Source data
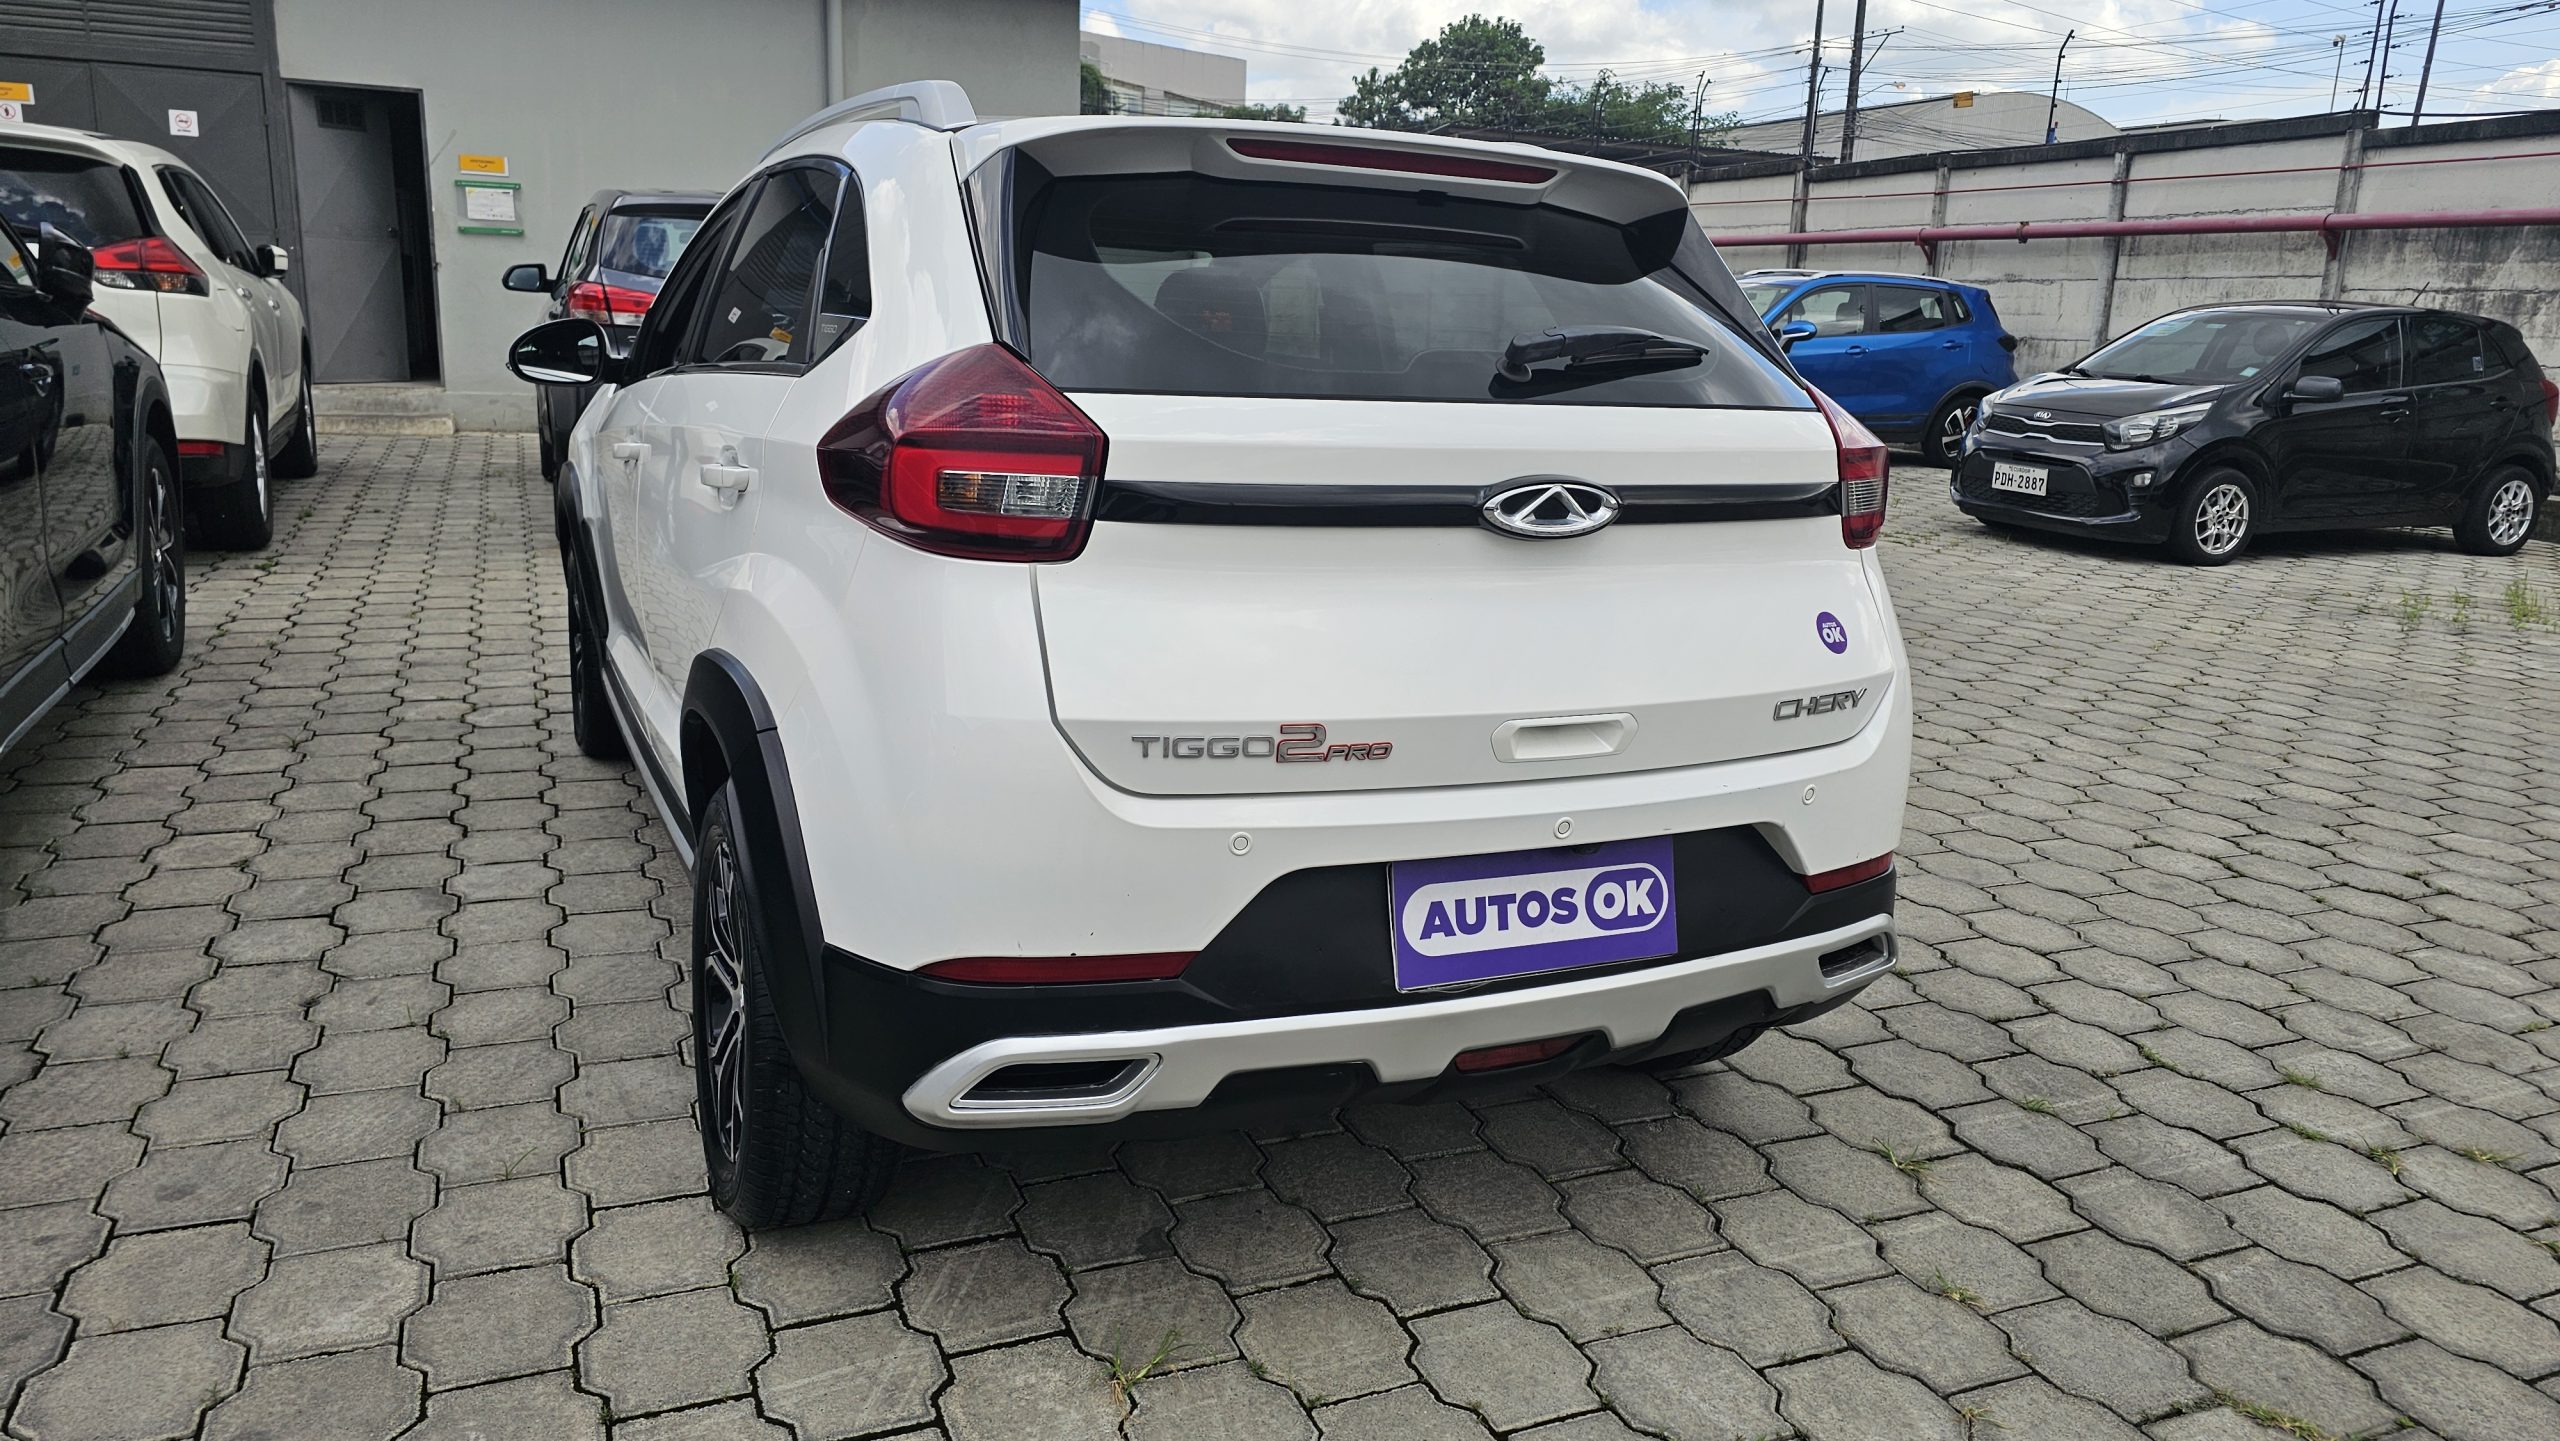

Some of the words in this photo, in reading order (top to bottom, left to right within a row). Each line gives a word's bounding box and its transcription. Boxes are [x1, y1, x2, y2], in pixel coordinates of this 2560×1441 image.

[1994, 471, 2045, 492] PDH-2887
[1822, 626, 1846, 644] OK
[1773, 687, 1868, 721] CHERY
[1131, 734, 1276, 759] TIGGO
[1419, 887, 1579, 941] AUTOS
[1592, 877, 1657, 920] OK

> **Directions**
Please return every record above exactly, but leave out the pictures.

> **Answer to this problem**
Some of the words in this photo, in reading order (top to bottom, left to right within a row). Each line gives a word's bounding box and its transcription. Boxes are [x1, y1, x2, y2], in pixel coordinates of this 2560×1441 image.

[1994, 471, 2045, 492] PDH-2887
[1822, 626, 1846, 644] OK
[1773, 687, 1868, 721] CHERY
[1131, 734, 1276, 759] TIGGO
[1419, 887, 1579, 941] AUTOS
[1592, 877, 1657, 920] OK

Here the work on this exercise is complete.